*** Given data

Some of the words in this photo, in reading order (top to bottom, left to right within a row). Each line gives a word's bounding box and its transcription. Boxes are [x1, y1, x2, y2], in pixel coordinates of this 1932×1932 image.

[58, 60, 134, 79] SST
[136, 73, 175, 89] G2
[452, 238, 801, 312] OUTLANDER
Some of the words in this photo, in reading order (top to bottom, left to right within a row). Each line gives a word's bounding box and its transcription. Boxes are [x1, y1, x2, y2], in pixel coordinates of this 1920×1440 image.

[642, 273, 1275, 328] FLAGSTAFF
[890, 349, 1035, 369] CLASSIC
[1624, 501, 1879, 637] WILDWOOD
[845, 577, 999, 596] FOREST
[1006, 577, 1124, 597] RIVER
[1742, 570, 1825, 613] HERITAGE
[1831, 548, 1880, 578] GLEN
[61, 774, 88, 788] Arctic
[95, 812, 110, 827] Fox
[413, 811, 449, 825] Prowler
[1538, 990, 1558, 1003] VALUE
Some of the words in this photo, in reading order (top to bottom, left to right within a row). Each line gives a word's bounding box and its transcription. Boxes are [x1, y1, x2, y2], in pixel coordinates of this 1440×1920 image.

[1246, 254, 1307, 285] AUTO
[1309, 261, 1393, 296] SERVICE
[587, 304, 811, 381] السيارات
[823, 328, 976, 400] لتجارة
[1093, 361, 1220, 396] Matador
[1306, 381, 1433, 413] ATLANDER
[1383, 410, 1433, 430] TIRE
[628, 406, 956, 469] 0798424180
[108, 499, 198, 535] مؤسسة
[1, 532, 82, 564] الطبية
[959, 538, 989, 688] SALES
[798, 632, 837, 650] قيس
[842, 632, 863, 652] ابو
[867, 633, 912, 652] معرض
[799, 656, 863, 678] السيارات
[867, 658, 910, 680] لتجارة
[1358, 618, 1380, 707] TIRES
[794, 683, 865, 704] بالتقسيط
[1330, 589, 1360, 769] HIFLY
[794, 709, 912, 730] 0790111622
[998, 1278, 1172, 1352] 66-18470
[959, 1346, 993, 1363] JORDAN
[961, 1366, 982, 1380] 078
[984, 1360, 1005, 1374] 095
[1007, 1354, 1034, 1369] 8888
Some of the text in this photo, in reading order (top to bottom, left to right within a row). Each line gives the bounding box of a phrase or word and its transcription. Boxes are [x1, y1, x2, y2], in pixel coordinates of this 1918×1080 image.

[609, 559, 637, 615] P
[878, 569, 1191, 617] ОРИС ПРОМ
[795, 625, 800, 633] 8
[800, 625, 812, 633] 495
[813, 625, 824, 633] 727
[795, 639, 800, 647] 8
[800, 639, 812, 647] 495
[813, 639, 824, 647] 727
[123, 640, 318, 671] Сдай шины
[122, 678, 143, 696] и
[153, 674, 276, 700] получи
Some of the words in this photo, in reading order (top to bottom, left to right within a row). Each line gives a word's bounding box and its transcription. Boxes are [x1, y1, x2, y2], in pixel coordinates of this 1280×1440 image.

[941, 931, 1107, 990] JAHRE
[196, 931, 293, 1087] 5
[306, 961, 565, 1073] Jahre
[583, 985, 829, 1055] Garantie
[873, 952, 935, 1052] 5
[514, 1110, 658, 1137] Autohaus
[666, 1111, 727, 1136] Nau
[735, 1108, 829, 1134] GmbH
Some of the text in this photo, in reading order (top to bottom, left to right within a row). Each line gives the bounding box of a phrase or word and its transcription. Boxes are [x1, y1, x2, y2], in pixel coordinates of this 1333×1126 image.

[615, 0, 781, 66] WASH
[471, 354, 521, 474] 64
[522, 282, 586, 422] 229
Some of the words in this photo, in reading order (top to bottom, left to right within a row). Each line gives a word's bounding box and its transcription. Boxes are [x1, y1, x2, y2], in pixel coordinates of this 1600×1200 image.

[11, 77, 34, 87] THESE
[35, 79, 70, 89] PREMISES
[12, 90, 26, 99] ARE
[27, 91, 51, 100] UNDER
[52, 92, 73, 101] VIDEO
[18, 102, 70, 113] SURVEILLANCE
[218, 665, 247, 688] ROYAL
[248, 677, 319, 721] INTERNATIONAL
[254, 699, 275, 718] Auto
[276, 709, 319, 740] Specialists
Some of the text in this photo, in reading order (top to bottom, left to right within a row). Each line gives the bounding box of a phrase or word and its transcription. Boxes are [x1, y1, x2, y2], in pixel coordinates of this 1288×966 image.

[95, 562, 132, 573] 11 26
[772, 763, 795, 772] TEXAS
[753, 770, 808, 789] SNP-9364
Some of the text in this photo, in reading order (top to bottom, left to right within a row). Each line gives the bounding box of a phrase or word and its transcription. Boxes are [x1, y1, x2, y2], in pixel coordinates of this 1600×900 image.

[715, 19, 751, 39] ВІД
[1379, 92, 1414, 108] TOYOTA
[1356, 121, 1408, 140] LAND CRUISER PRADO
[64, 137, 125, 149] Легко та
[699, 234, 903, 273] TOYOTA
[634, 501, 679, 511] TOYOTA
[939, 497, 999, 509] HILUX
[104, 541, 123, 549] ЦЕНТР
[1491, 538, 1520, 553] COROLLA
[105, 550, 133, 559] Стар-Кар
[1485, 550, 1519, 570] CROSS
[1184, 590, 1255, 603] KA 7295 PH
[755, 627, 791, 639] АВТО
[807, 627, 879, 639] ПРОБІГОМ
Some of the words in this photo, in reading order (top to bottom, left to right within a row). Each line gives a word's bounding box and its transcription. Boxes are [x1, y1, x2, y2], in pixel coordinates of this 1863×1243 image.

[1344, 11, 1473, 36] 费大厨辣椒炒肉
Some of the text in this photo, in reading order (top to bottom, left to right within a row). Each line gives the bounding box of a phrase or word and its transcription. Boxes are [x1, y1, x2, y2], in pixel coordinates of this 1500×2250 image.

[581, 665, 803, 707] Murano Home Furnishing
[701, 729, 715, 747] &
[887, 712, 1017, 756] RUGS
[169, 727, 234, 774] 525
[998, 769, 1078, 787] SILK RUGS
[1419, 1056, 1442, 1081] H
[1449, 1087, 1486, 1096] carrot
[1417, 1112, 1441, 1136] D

******

What you need to do: Output the full listing again, exactly as it stands above.

Answer space:
Some of the words in this photo, in reading order (top to bottom, left to right within a row). Each line gives a word's bounding box and its transcription. Boxes are [x1, y1, x2, y2], in pixel coordinates of this 1932×1932 image.

[58, 60, 134, 79] SST
[136, 73, 175, 89] G2
[452, 238, 801, 312] OUTLANDER
Some of the words in this photo, in reading order (top to bottom, left to right within a row). Each line gives a word's bounding box and its transcription. Boxes are [x1, y1, x2, y2], in pixel coordinates of this 1920×1440 image.

[642, 273, 1275, 328] FLAGSTAFF
[890, 349, 1035, 369] CLASSIC
[1624, 501, 1879, 637] WILDWOOD
[845, 577, 999, 596] FOREST
[1006, 577, 1124, 597] RIVER
[1742, 570, 1825, 613] HERITAGE
[1831, 548, 1880, 578] GLEN
[61, 774, 88, 788] Arctic
[95, 812, 110, 827] Fox
[413, 811, 449, 825] Prowler
[1538, 990, 1558, 1003] VALUE
Some of the words in this photo, in reading order (top to bottom, left to right within a row). Each line gives a word's bounding box and its transcription. Boxes are [x1, y1, x2, y2], in pixel coordinates of this 1440×1920 image.

[1246, 254, 1307, 285] AUTO
[1309, 261, 1393, 296] SERVICE
[587, 304, 811, 381] السيارات
[823, 328, 976, 400] لتجارة
[1093, 361, 1220, 396] Matador
[1306, 381, 1433, 413] ATLANDER
[1383, 410, 1433, 430] TIRE
[628, 406, 956, 469] 0798424180
[108, 499, 198, 535] مؤسسة
[1, 532, 82, 564] الطبية
[959, 538, 989, 688] SALES
[798, 632, 837, 650] قيس
[842, 632, 863, 652] ابو
[867, 633, 912, 652] معرض
[799, 656, 863, 678] السيارات
[867, 658, 910, 680] لتجارة
[1358, 618, 1380, 707] TIRES
[794, 683, 865, 704] بالتقسيط
[1330, 589, 1360, 769] HIFLY
[794, 709, 912, 730] 0790111622
[998, 1278, 1172, 1352] 66-18470
[959, 1346, 993, 1363] JORDAN
[961, 1366, 982, 1380] 078
[984, 1360, 1005, 1374] 095
[1007, 1354, 1034, 1369] 8888
Some of the text in this photo, in reading order (top to bottom, left to right within a row). Each line gives the bounding box of a phrase or word and its transcription. Boxes are [x1, y1, x2, y2], in pixel coordinates of this 1918×1080 image.

[609, 559, 637, 615] P
[878, 569, 1191, 617] ОРИС ПРОМ
[795, 625, 800, 633] 8
[800, 625, 812, 633] 495
[813, 625, 824, 633] 727
[795, 639, 800, 647] 8
[800, 639, 812, 647] 495
[813, 639, 824, 647] 727
[123, 640, 318, 671] Сдай шины
[122, 678, 143, 696] и
[153, 674, 276, 700] получи
Some of the words in this photo, in reading order (top to bottom, left to right within a row). Each line gives a word's bounding box and its transcription. Boxes are [x1, y1, x2, y2], in pixel coordinates of this 1280×1440 image.

[941, 931, 1107, 990] JAHRE
[196, 931, 293, 1087] 5
[306, 961, 565, 1073] Jahre
[583, 985, 829, 1055] Garantie
[873, 952, 935, 1052] 5
[514, 1110, 658, 1137] Autohaus
[666, 1111, 727, 1136] Nau
[735, 1108, 829, 1134] GmbH
Some of the text in this photo, in reading order (top to bottom, left to right within a row). Each line gives the bounding box of a phrase or word and its transcription. Boxes are [x1, y1, x2, y2], in pixel coordinates of this 1333×1126 image.

[615, 0, 781, 66] WASH
[471, 354, 521, 474] 64
[522, 282, 586, 422] 229
Some of the words in this photo, in reading order (top to bottom, left to right within a row). Each line gives a word's bounding box and its transcription. Boxes are [x1, y1, x2, y2], in pixel coordinates of this 1600×1200 image.

[11, 77, 34, 87] THESE
[35, 79, 70, 89] PREMISES
[12, 90, 26, 99] ARE
[27, 91, 51, 100] UNDER
[52, 92, 73, 101] VIDEO
[18, 102, 70, 113] SURVEILLANCE
[218, 665, 247, 688] ROYAL
[248, 677, 319, 721] INTERNATIONAL
[254, 699, 275, 718] Auto
[276, 709, 319, 740] Specialists
Some of the text in this photo, in reading order (top to bottom, left to right within a row). Each line gives the bounding box of a phrase or word and its transcription. Boxes are [x1, y1, x2, y2], in pixel coordinates of this 1288×966 image.

[95, 562, 132, 573] 11 26
[772, 763, 795, 772] TEXAS
[753, 770, 808, 789] SNP-9364
Some of the text in this photo, in reading order (top to bottom, left to right within a row). Each line gives the bounding box of a phrase or word and its transcription. Boxes are [x1, y1, x2, y2], in pixel coordinates of this 1600×900 image.

[715, 19, 751, 39] ВІД
[1379, 92, 1414, 108] TOYOTA
[1356, 121, 1408, 140] LAND CRUISER PRADO
[64, 137, 125, 149] Легко та
[699, 234, 903, 273] TOYOTA
[634, 501, 679, 511] TOYOTA
[939, 497, 999, 509] HILUX
[104, 541, 123, 549] ЦЕНТР
[1491, 538, 1520, 553] COROLLA
[105, 550, 133, 559] Стар-Кар
[1485, 550, 1519, 570] CROSS
[1184, 590, 1255, 603] KA 7295 PH
[755, 627, 791, 639] АВТО
[807, 627, 879, 639] ПРОБІГОМ
Some of the words in this photo, in reading order (top to bottom, left to right within a row). Each line gives a word's bounding box and its transcription. Boxes are [x1, y1, x2, y2], in pixel coordinates of this 1863×1243 image.

[1344, 11, 1473, 36] 费大厨辣椒炒肉
Some of the text in this photo, in reading order (top to bottom, left to right within a row). Each line gives the bounding box of a phrase or word and its transcription. Boxes are [x1, y1, x2, y2], in pixel coordinates of this 1500×2250 image.

[581, 665, 803, 707] Murano Home Furnishing
[701, 729, 715, 747] &
[887, 712, 1017, 756] RUGS
[169, 727, 234, 774] 525
[998, 769, 1078, 787] SILK RUGS
[1419, 1056, 1442, 1081] H
[1449, 1087, 1486, 1096] carrot
[1417, 1112, 1441, 1136] D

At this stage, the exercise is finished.